TASK MATERIAL =>
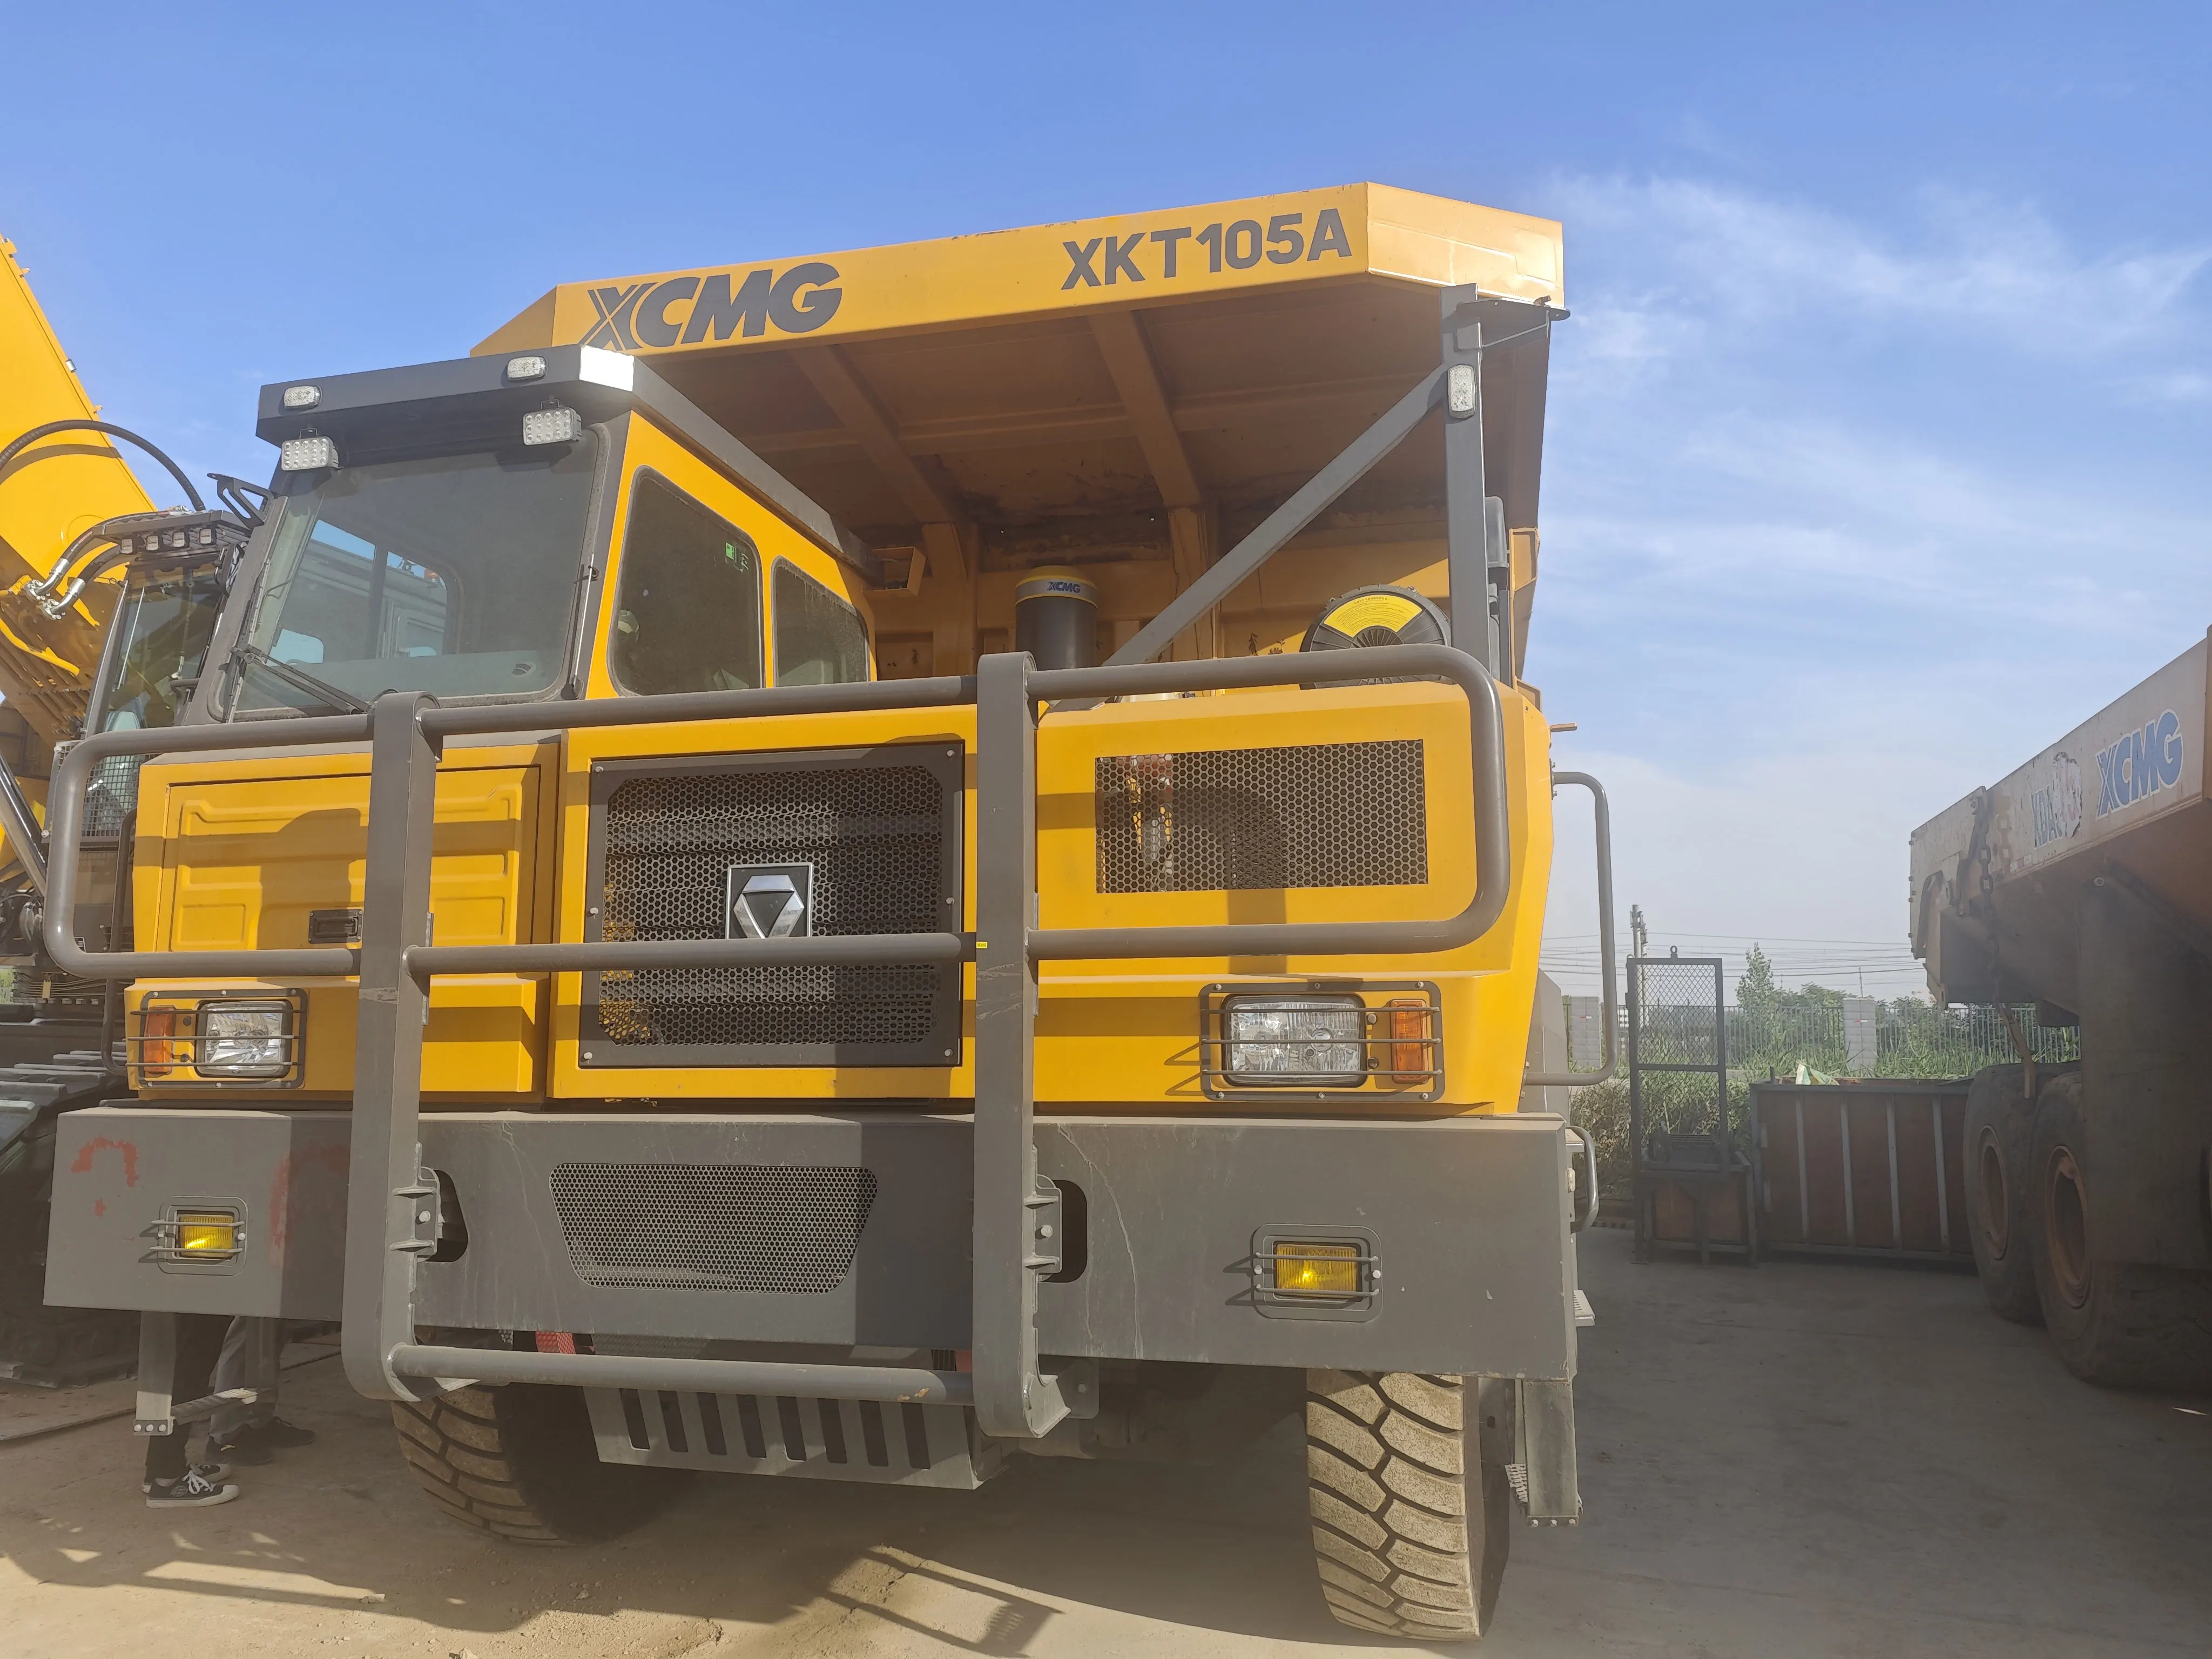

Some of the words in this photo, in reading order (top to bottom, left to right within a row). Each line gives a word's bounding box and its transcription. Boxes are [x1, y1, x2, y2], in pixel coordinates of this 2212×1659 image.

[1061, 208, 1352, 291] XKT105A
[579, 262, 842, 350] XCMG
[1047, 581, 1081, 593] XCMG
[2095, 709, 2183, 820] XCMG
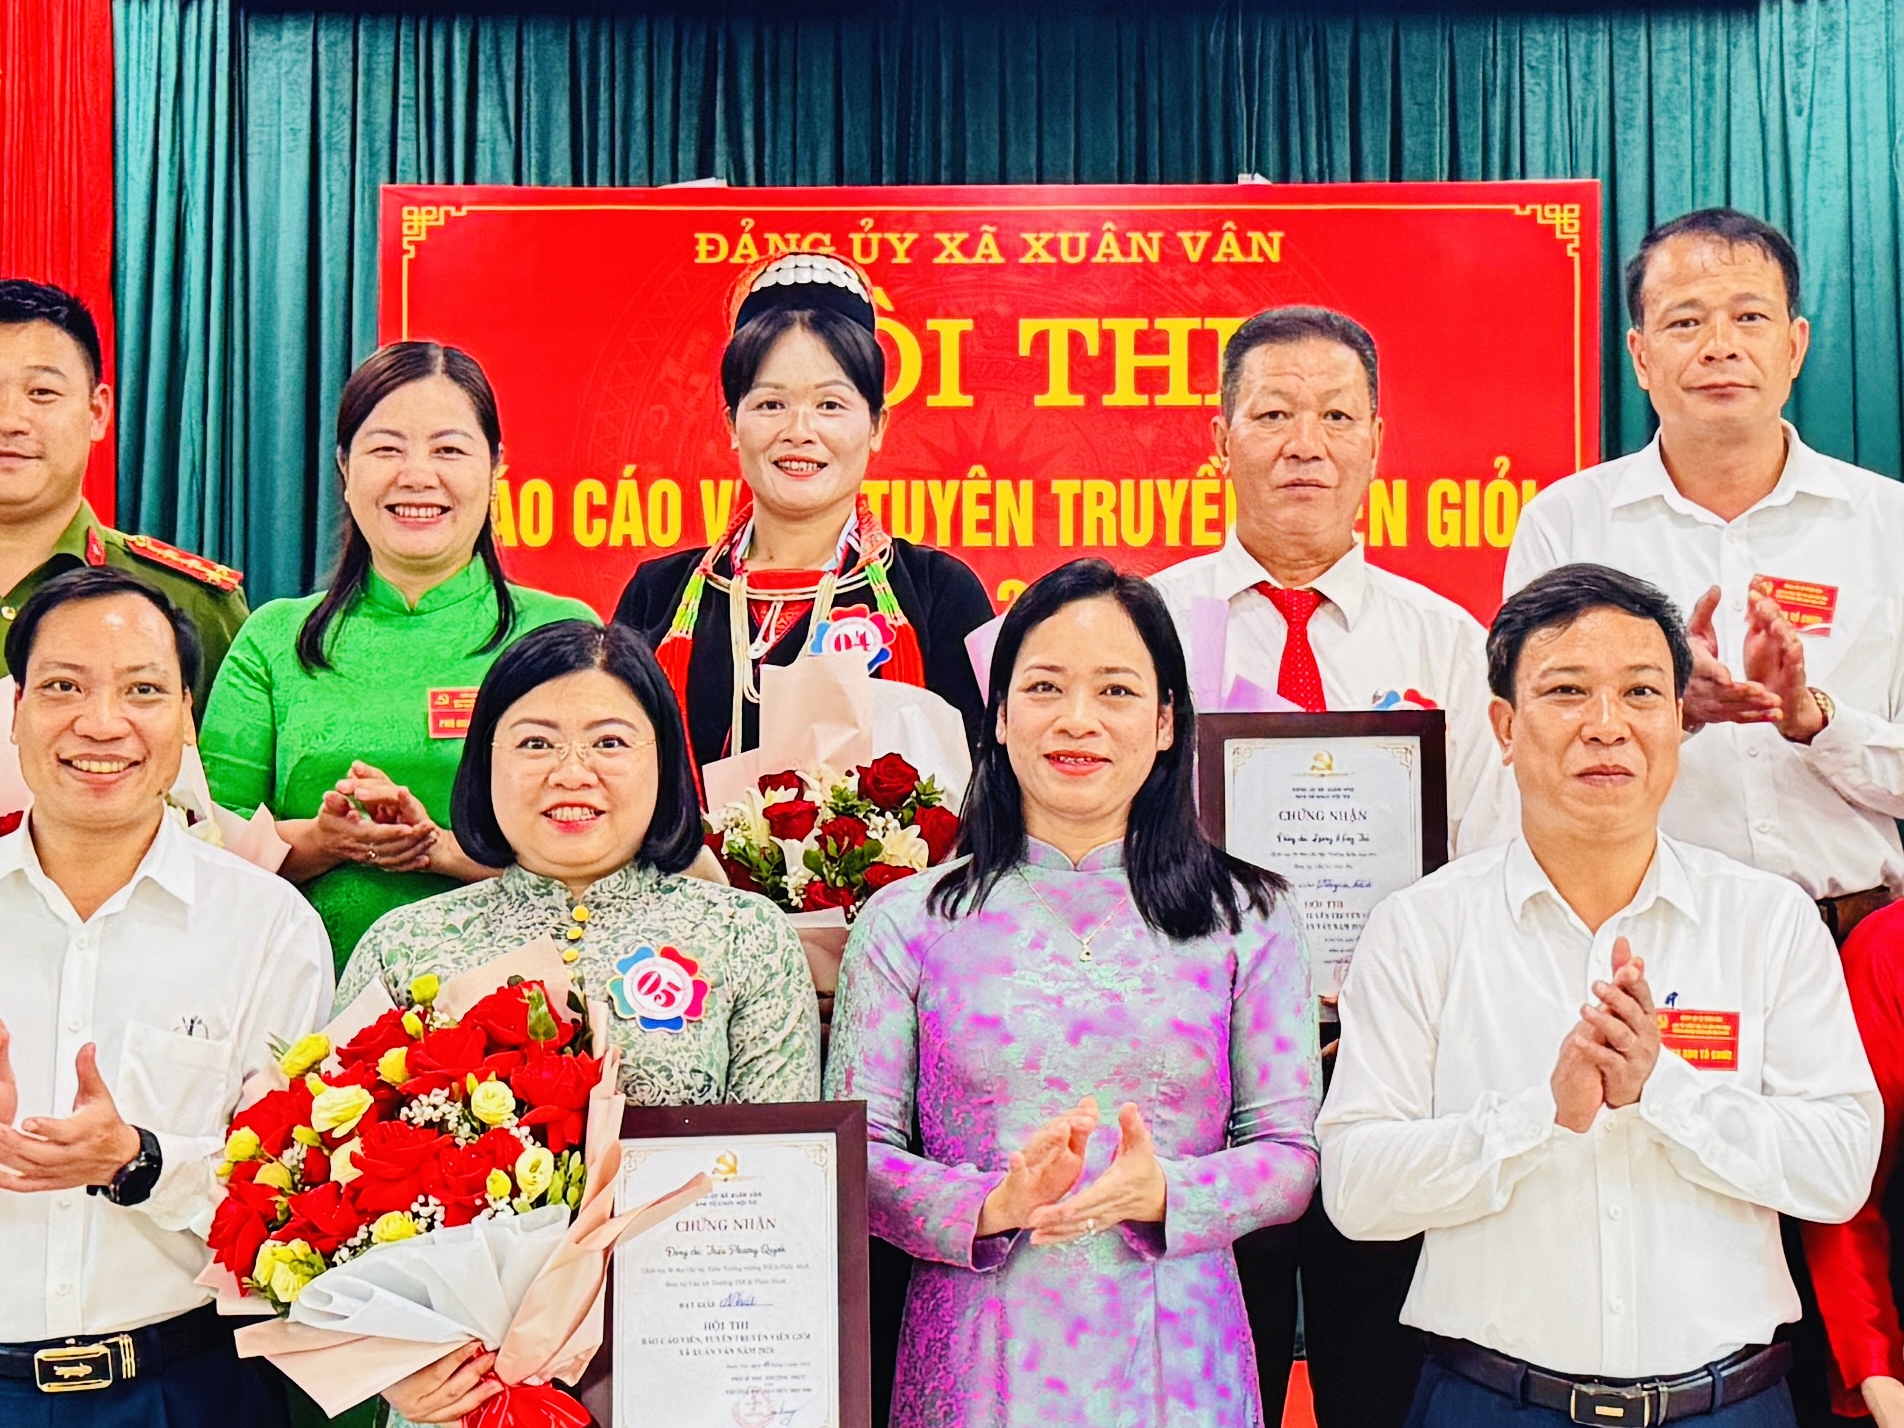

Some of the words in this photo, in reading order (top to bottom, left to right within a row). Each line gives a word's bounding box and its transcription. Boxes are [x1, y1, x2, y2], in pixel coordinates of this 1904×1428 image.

INSTRUCTIONS TO FOLLOW =>
Everything in the records above should come back word for word, except the pictures.

TASK OUTPUT =>
Some of the words in this photo, in reading order (top to bottom, left to right within a row). Each line gives a word's bounding box and its transcription. Boxes are [x1, y1, x2, y2], in pixel coordinates of this 2212×1659 image.

[1061, 208, 1352, 291] XKT105A
[579, 262, 842, 350] XCMG
[1047, 581, 1081, 593] XCMG
[2095, 709, 2183, 820] XCMG

Some of the words in this photo, in reading order (top to bottom, left to right within a row). Each line gives a word's bounding box and its transcription. Boxes are [x1, y1, x2, y2], in pixel coordinates of this 1904×1428 image.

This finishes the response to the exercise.